Zelaya had fallen out of favor with most Hondurans, including the Roman Catholic Church and most evangelical leaders, and even many in his own party who do not want a Chavez-type dictatorship in Honduras, but he has garnered sympathy from the UN, the Organization of American States and the U.S. government. He has said that he plans to return to Honduras. The acting president of Honduras says Zelaya will be arrested if he does.

Gene also noted that there is a group of six leftist, socialist and communist nations fomenting revolution in the area. One of these is Nicaragua, which borders Honduras on the south. There have been threats of invasion from Nicaragua.

Bible Basics International is sending another summer team on July 12 to the northern city of Puerto Cortez, which is one of the largest shipping ports in Central America. Twenty-one Americans on the team are slated to do home visitation, child evangelism and also evening family seminars and evangelism. Should there be an invasion by Nicaragua, this would likely be postponed.

Would you breathe a prayer for the team for Honduras, for the legal politicians and for our government to see the situation clearly? And pray for the Hondurans to be sensitive to the Gospel, which alone can give true spiritual freedom and lasting peace.
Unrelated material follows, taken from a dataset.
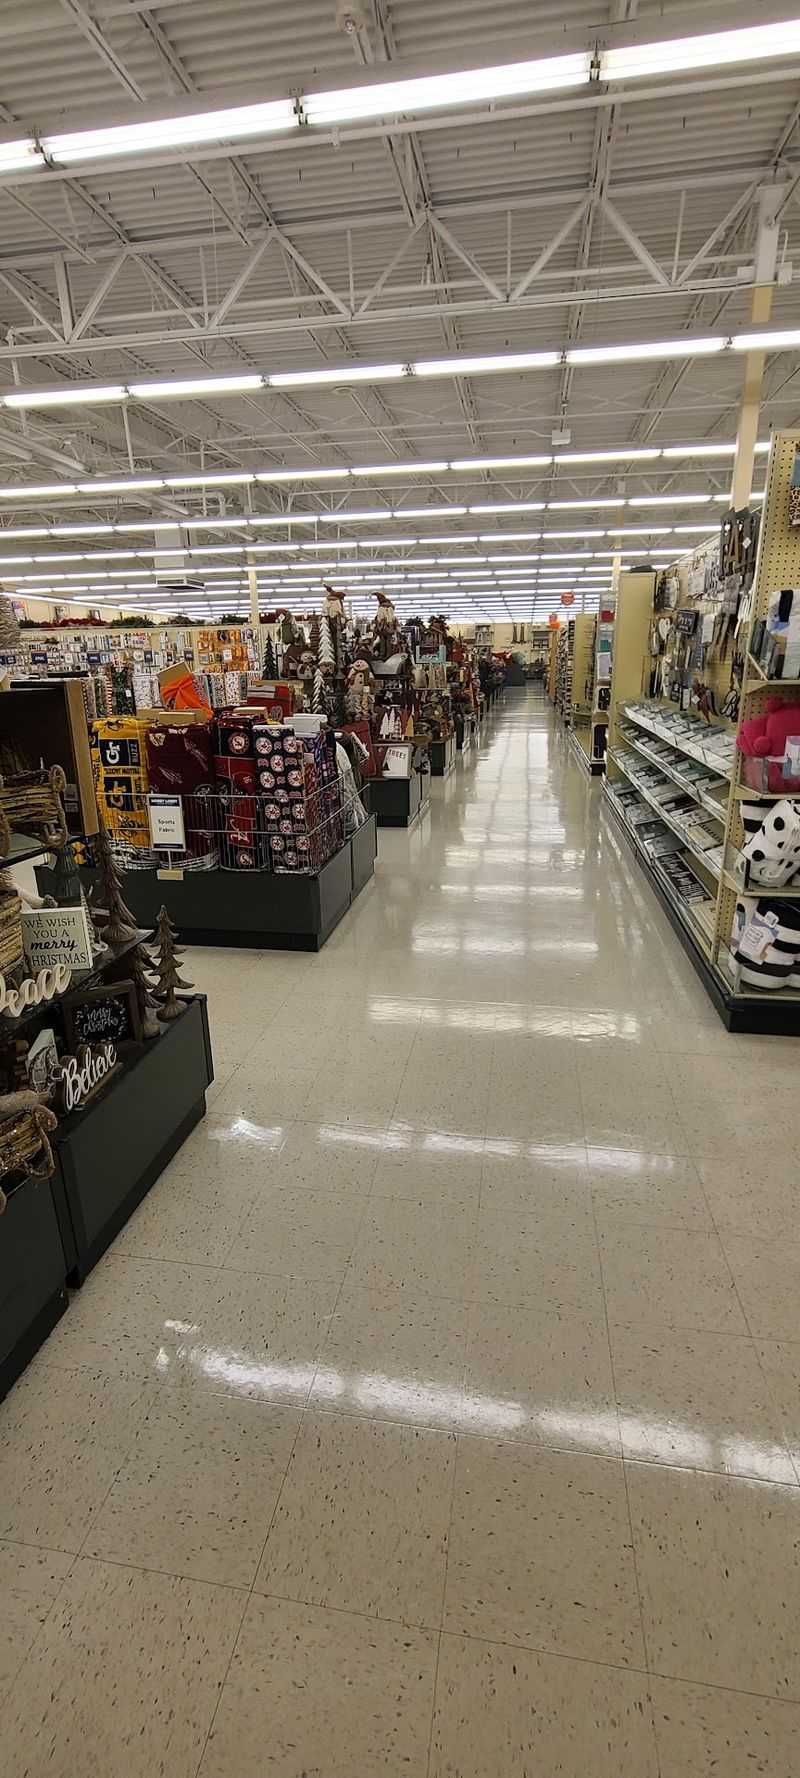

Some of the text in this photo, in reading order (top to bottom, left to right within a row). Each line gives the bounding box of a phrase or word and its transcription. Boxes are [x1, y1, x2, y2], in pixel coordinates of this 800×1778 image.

In a related personal story, I met a young man who is working on a housing development right behind our ministry property. I discovered that he was from San Pedro Sula, Honduras, which is the city where I ministered last July and the largest city in Honduras. I gave him a post card showing downtown San Pedro Sula along with a printed copy of my testimony and the plan of salvation in Spanish. Pray that this brief encounter will enable him to find Christ as Savior.